Acknowledging the similarity across HF entities indicates that PA stiffness may be independent from the systemic vascular changes due to the RAAS system and RAAS inhibiting therapeutic effects.

PA wall stiffness is considered an important determinant of cardiovascular risk at an early stage of pulmonary disease11,27. Changes in vascular mechanics often precede gross remodeling; thus, an assessment of PA stiffness can be a useful tool in the early identification of pathological changes in the pulmonary vasculature—which has already been proven in PAH, but never in PH in the context of HF10,11,24,28,29.

We detected important differences in the indices of PA stiffness between control group and HF patients. There was a significant reduction in PA absolute AC, RAC and AT, as well as a significant elevation in PA PWV in patients with HF. The differences in PA stiffness measurements observed in our study are consistent with findings from previous studies that employed both CMR and right heart catheterization as diagnostic tools. Specifically, 2 studies primarily focused on PA stiffness and its predictive value in pulmonary arterial hypertension9,11. Three complementary studies concentrated more on right heart/pulmonary artery pressures and their associated CMR-determined RV changes16,17,18. Therefore, our results add to the growing body of literature supporting the clinical relevance of PA stiffness measurements. A previous report demonstrated that PH in patients with HF is common30. Consistently, we showed for the first time mild pulmonary hypertension in HF patients by CMR. In the HF group, especially in the HFmrEF and HFrEF subgroups, we found significant PA lumen dilatation (Amin, Table 3), which suggests long-term volume overload due to left-sided heart disease and/or abnormal changes in pulmonary vessel walls due to pathological factors.

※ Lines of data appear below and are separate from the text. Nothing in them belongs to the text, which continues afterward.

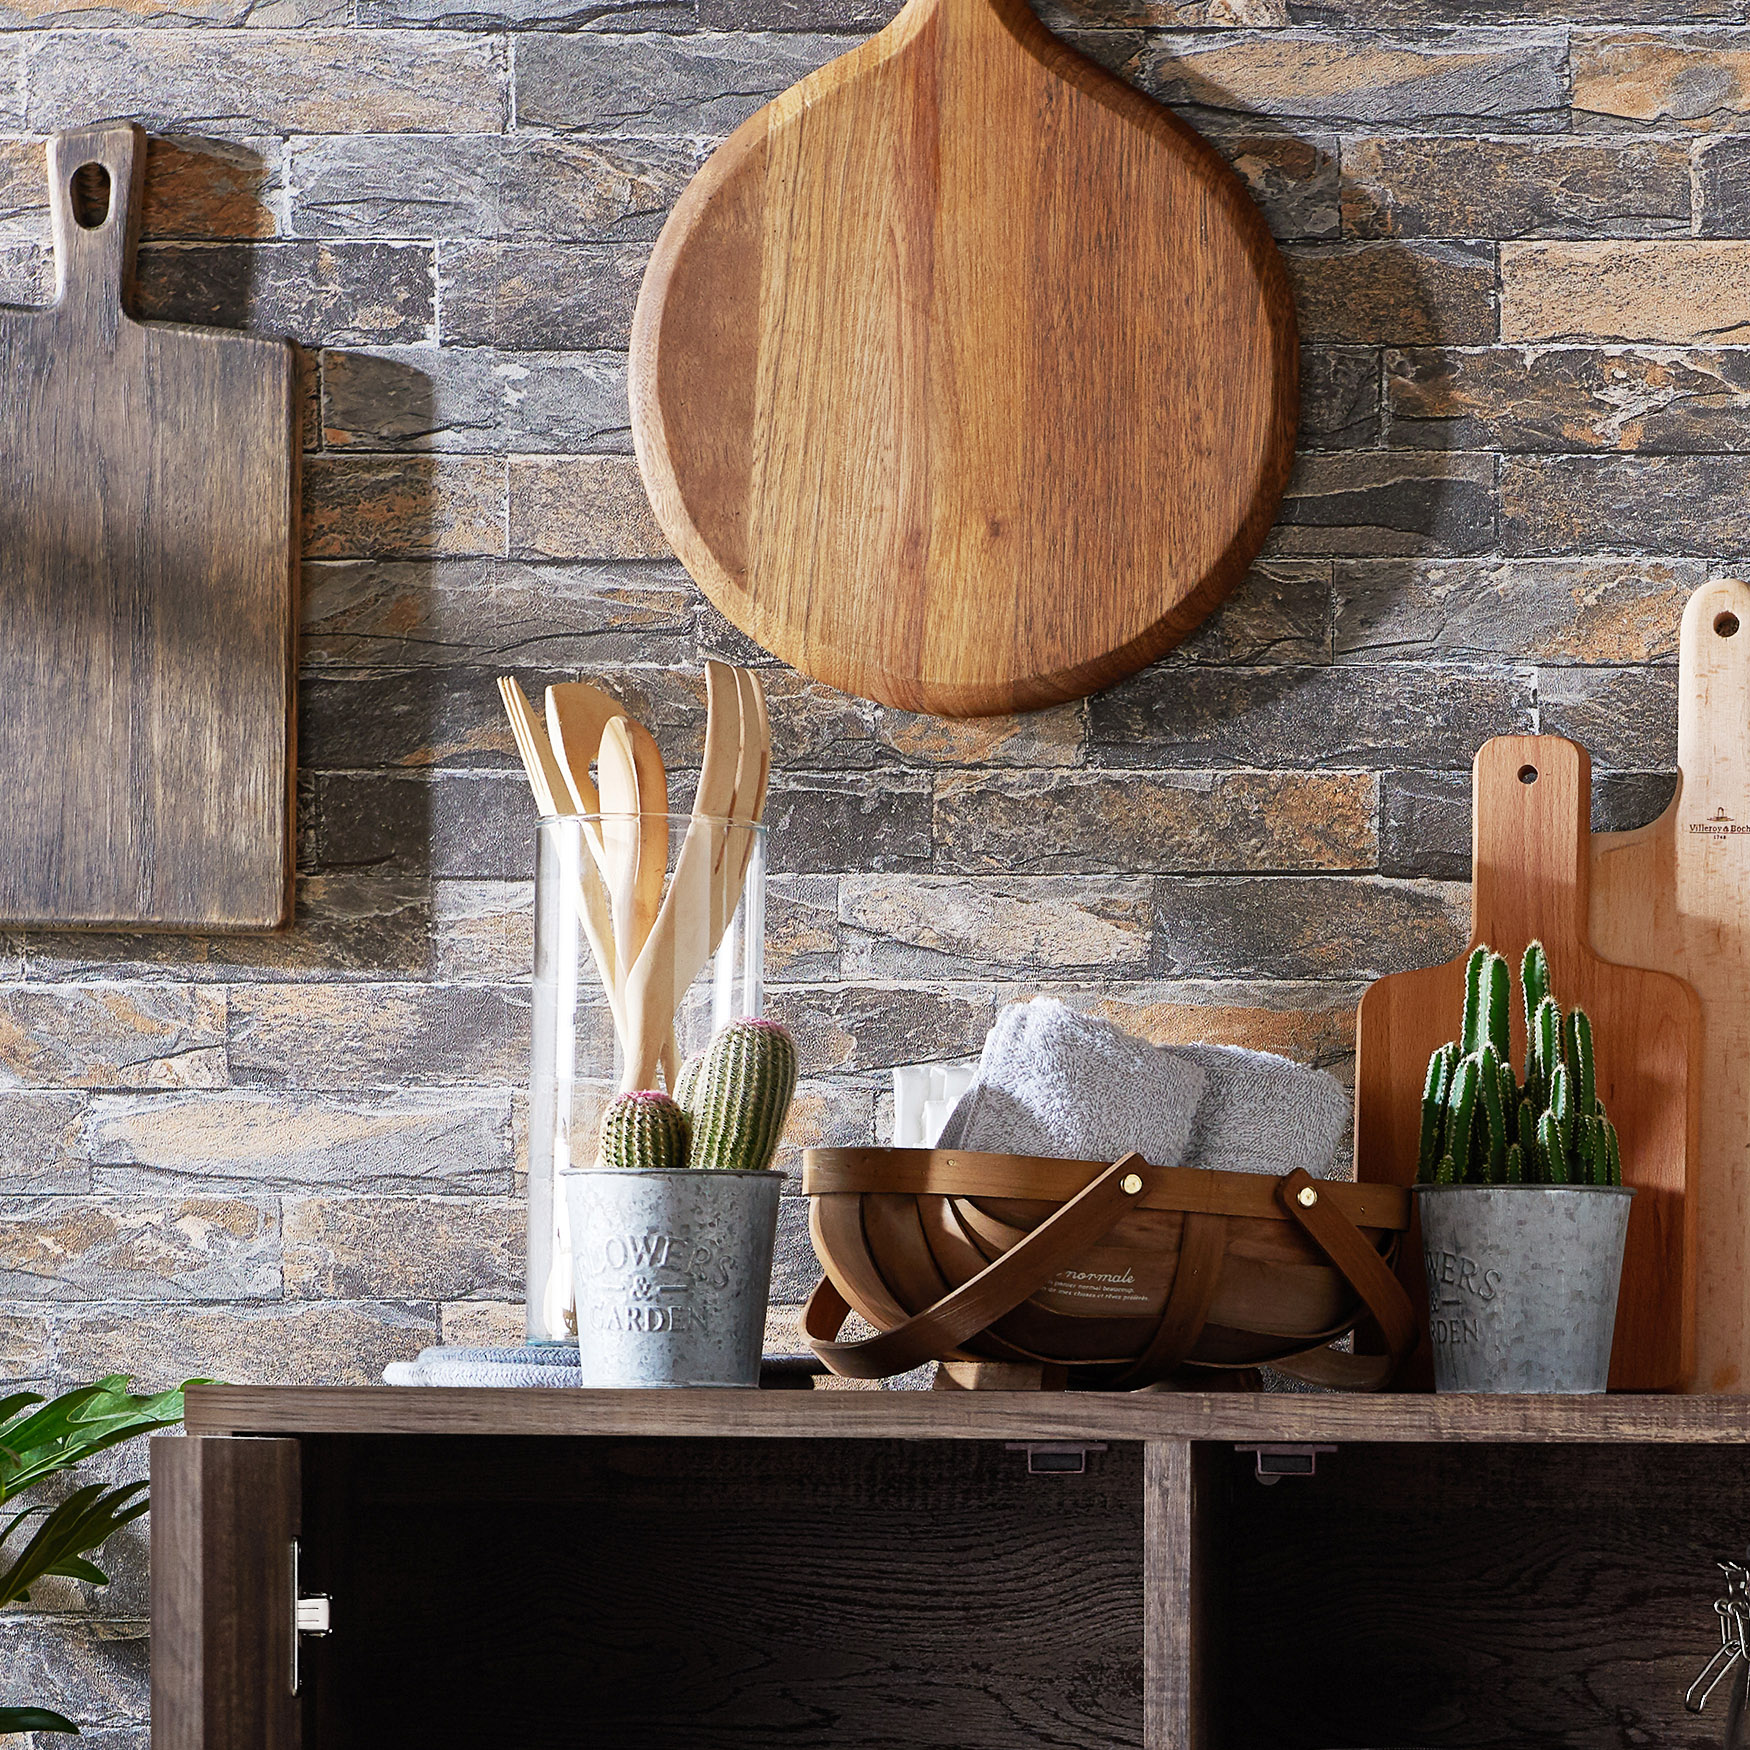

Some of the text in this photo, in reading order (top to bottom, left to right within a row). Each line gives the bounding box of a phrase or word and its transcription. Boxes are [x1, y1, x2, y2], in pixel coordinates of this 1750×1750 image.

[1689, 824, 1722, 834] Villeroy
[1730, 825, 1750, 833] Boch
[630, 1274, 652, 1301] &
[1065, 1266, 1136, 1284] normale
[1425, 1249, 1502, 1301] WERS
[590, 1305, 709, 1332] GARDEN
[1430, 1318, 1479, 1344] RDEN

Recent data show that abnormal PA hemodynamic status occurs in the early stages of HF and is strongly associated with unfavorable outcomes in HF5,6,31. Prior studies showed that PA flow hemodynamic parameters were significantly decreased in PH and chronic thromboembolic pulmonary hypertension (CTEPH) compared to healthy subjects11,16,17,32. Similar alterations in PA flow hemodynamics were detected for NFV, FPM, and PV in our study.

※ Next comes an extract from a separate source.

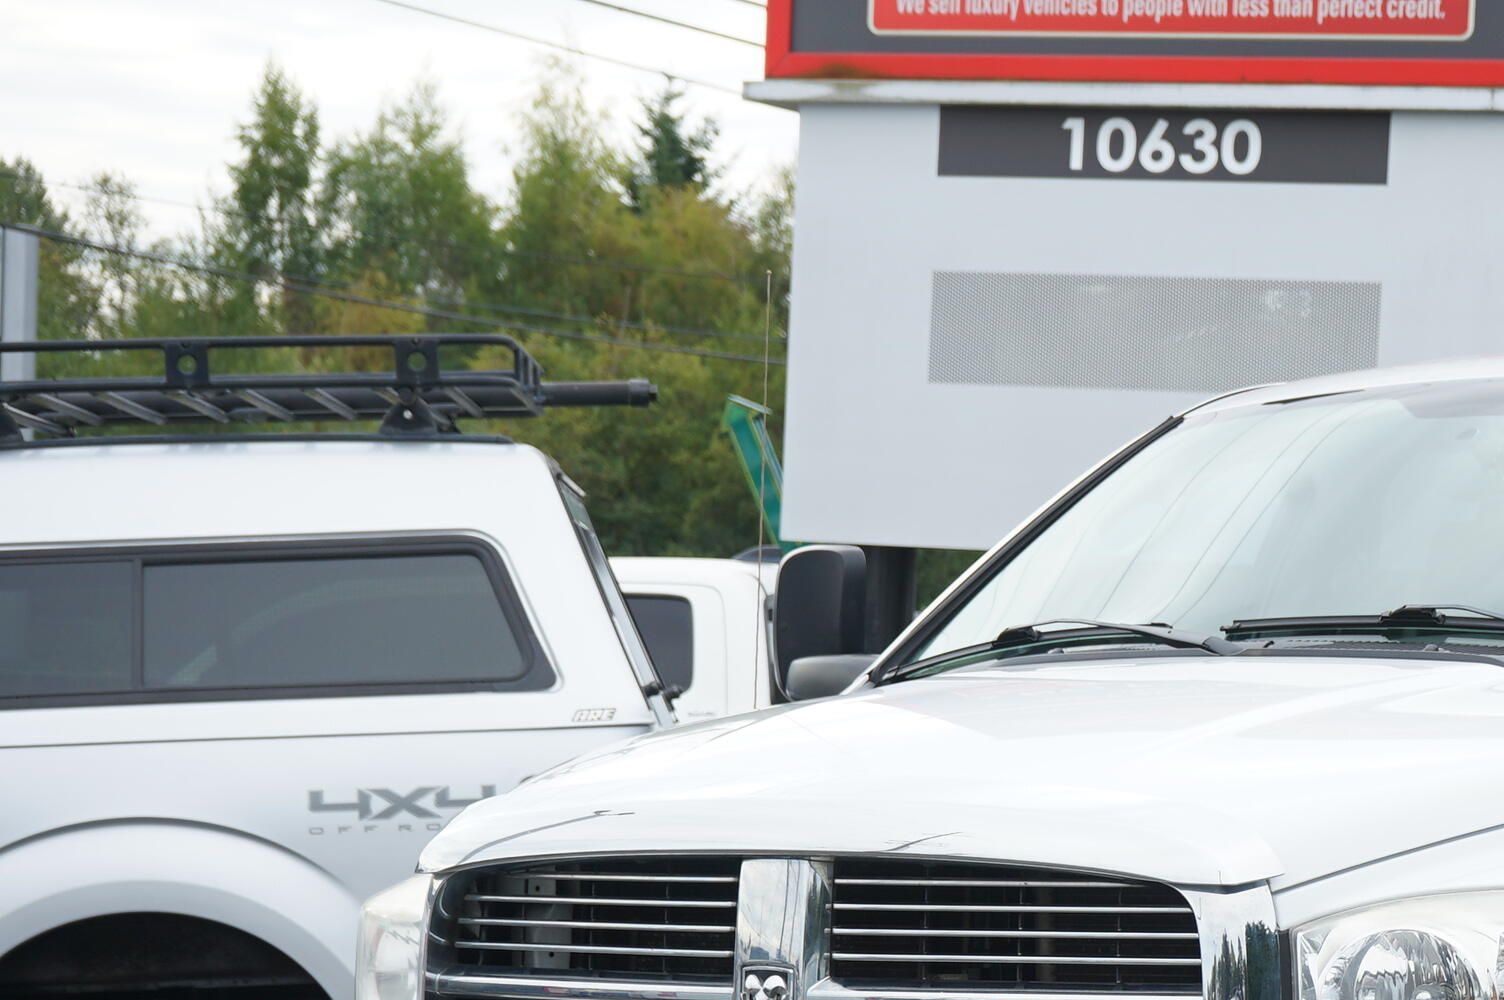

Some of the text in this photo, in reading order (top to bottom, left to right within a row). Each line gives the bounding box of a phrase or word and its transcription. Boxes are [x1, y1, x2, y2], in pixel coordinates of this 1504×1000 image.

[897, 0, 1446, 25] We sell luxury vehicles to people with less than perfect credit.
[1061, 116, 1263, 176] 10630
[308, 824, 379, 836] OFF

Previous studies have shown that increasing PA stiffness is associated with worsening functional parameters in patients with PH and in those with HF13,33,34.

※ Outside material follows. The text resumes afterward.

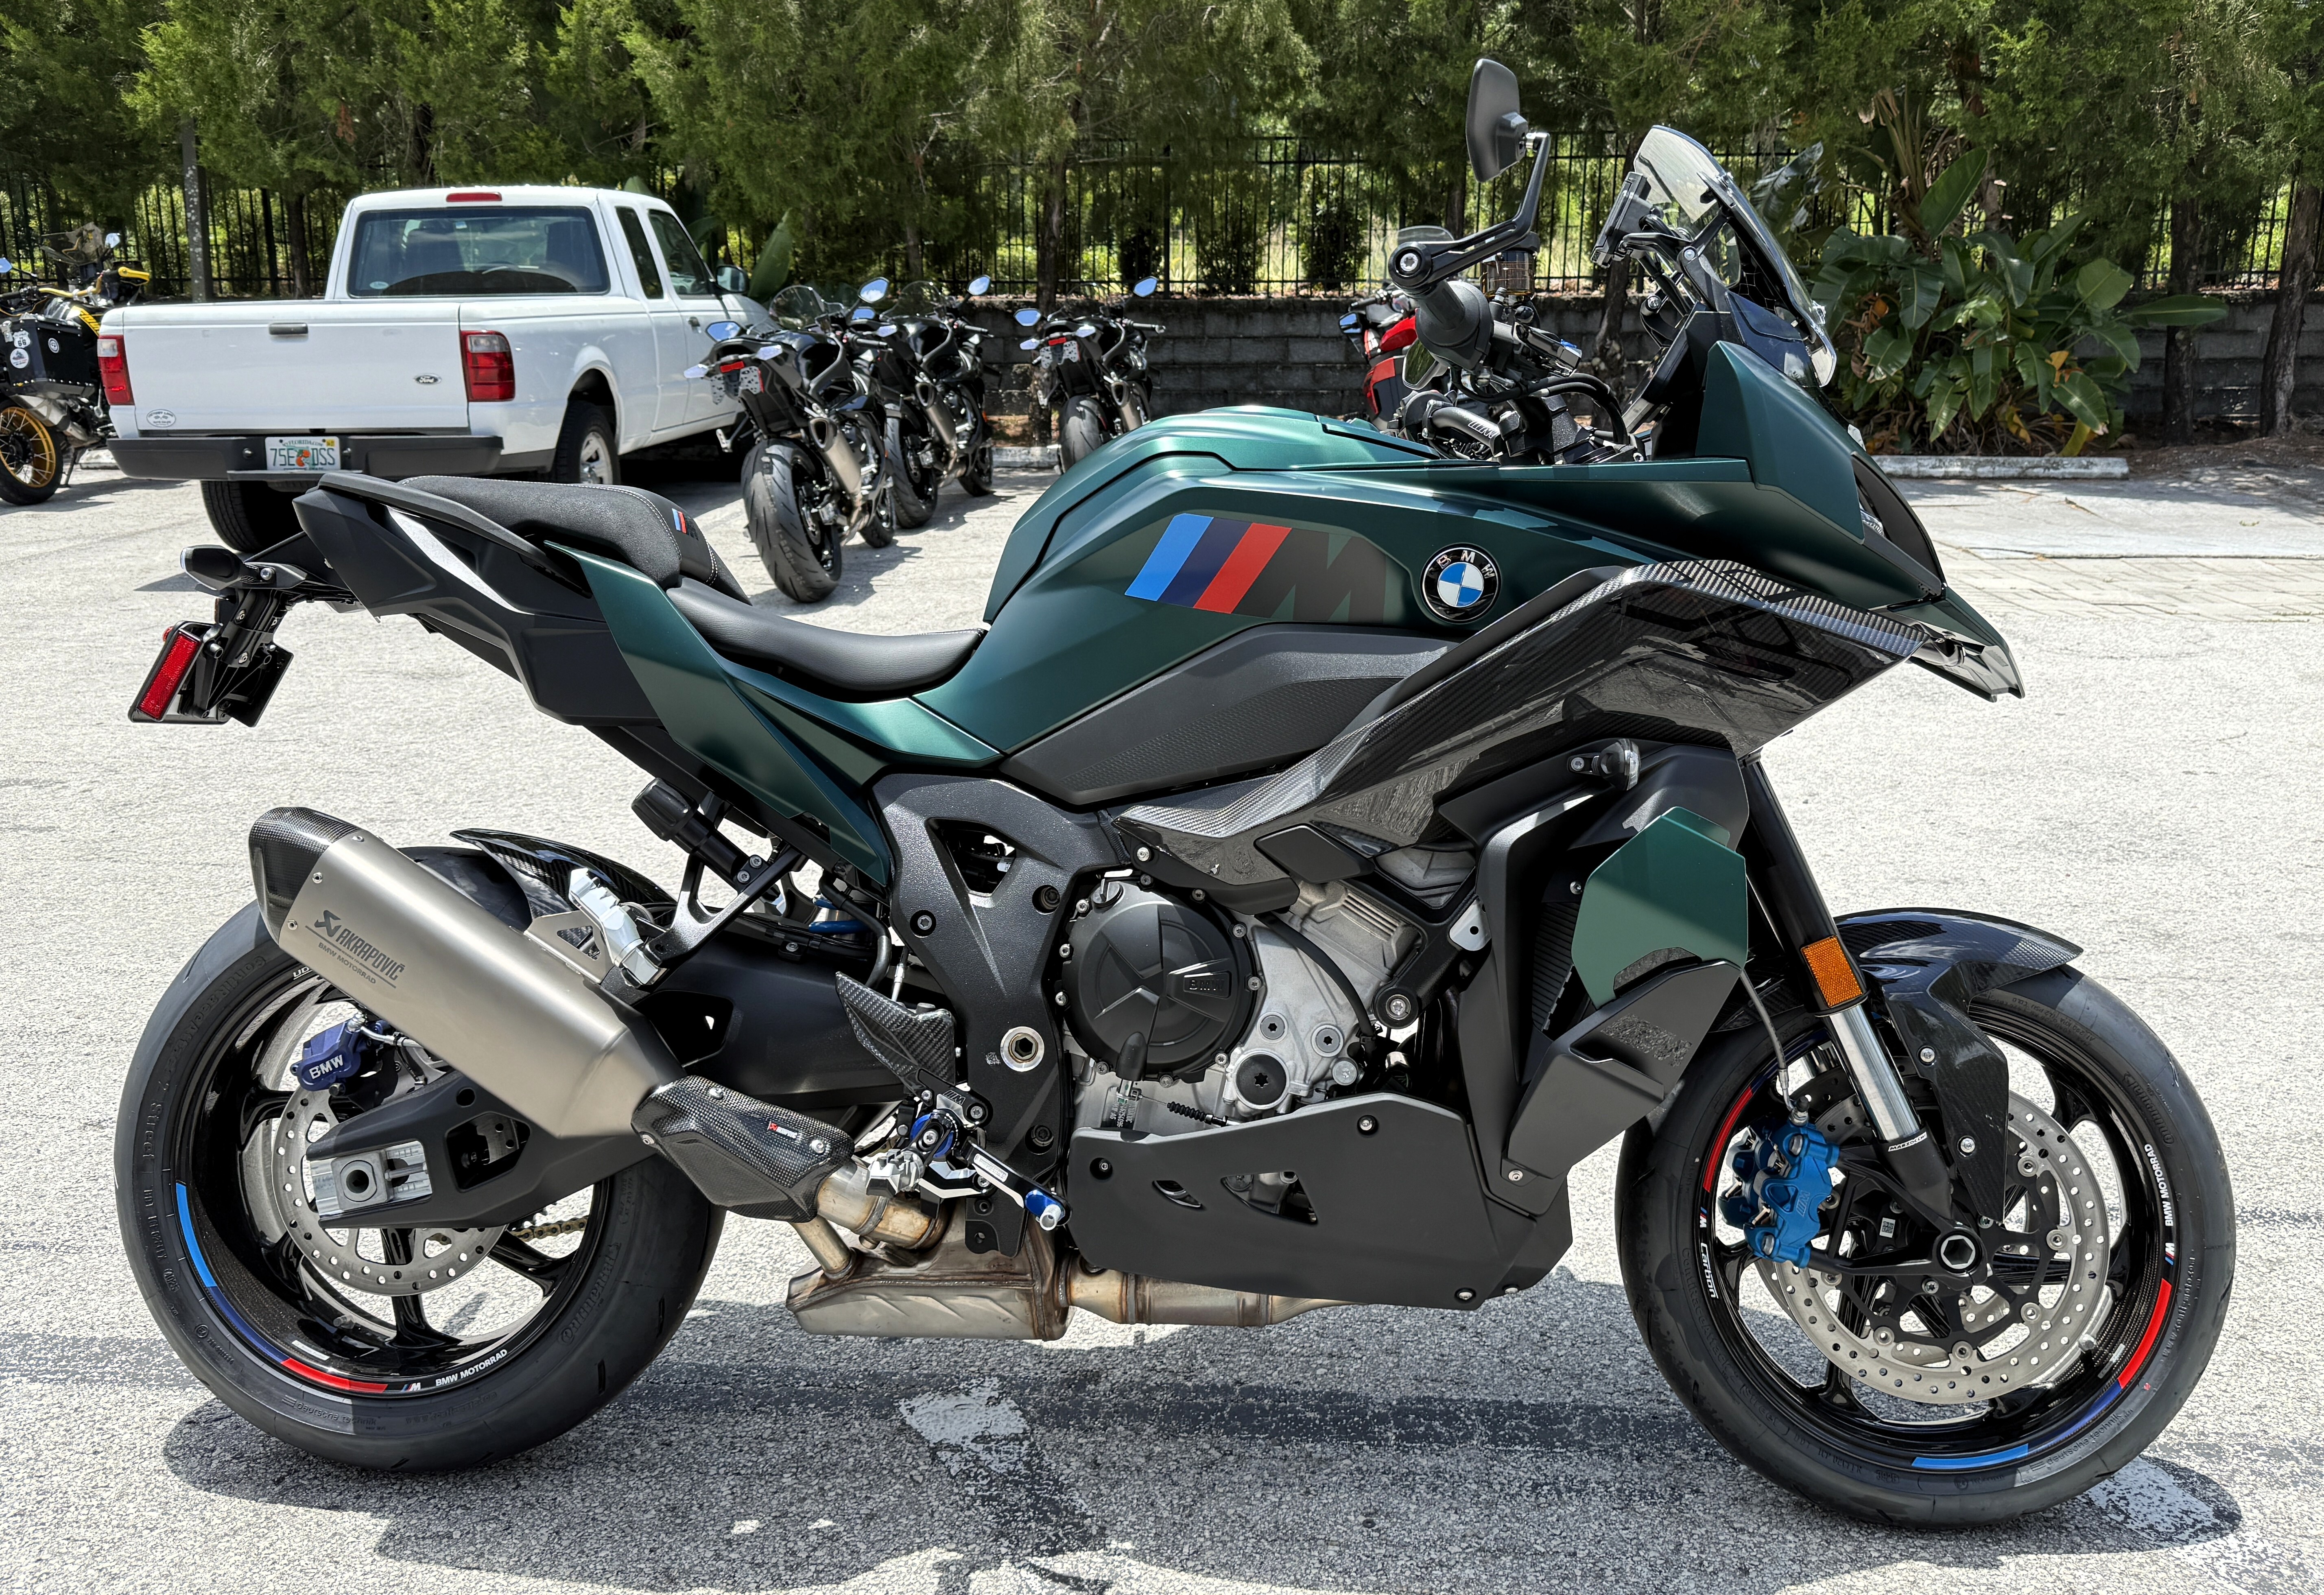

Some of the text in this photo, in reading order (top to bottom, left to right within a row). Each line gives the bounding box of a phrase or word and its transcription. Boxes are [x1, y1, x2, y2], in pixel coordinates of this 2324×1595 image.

Our measurements appear to be reliably assessed as indicated by our intra-observer and inter-observer variability assessment with a high reproducibility of measurements. These results are in line with previous studies that tested observer variability for PA imaging by CMR in other cohorts33.

Our observation requires a prospective, follow-up analysis or a confirmation in a cohort followed longitudinally to assess the prognostic relevance of PA stiffness and PA hemodynamics. PA stiffness may present a central characteristic of HF patients with the potential to serve as a relevant parameter to better characterize and group HF patients.

Limitations

This study was a single-center study. Thus, a center-specific bias could not be excluded. However, single-center data collection bears several advantages: inclusion of a homogenous patient population; a standard work-up routine; and consistent quality of the CMR examination. In addition, there was a small sample size of the various HF subgroups. Therefore, it is difficult to extrapolate these results to a general population. Although we divided our subjects into HF subgroups according to the most recent guidelines, HF is a complex clinical syndrome with various etiologies that could impact the changes in PA hemodynamics. The absence of long-term follow-up data for this patient cohort restricts our ability to evaluate the long-term clinical significance of our findings.

Conclusions

CMR is a reproducible noninvasive technique to assess PA stiffness and flow hemodynamics. As we could demonstrate for the first time in the context of HF patients an post-capillary PH, CMR is able to detect significant differences in stiffness and blood flow hemodynamics between subjects without HF and HF patients. HF patients show higher values for PA stiffness compared to controls subjects.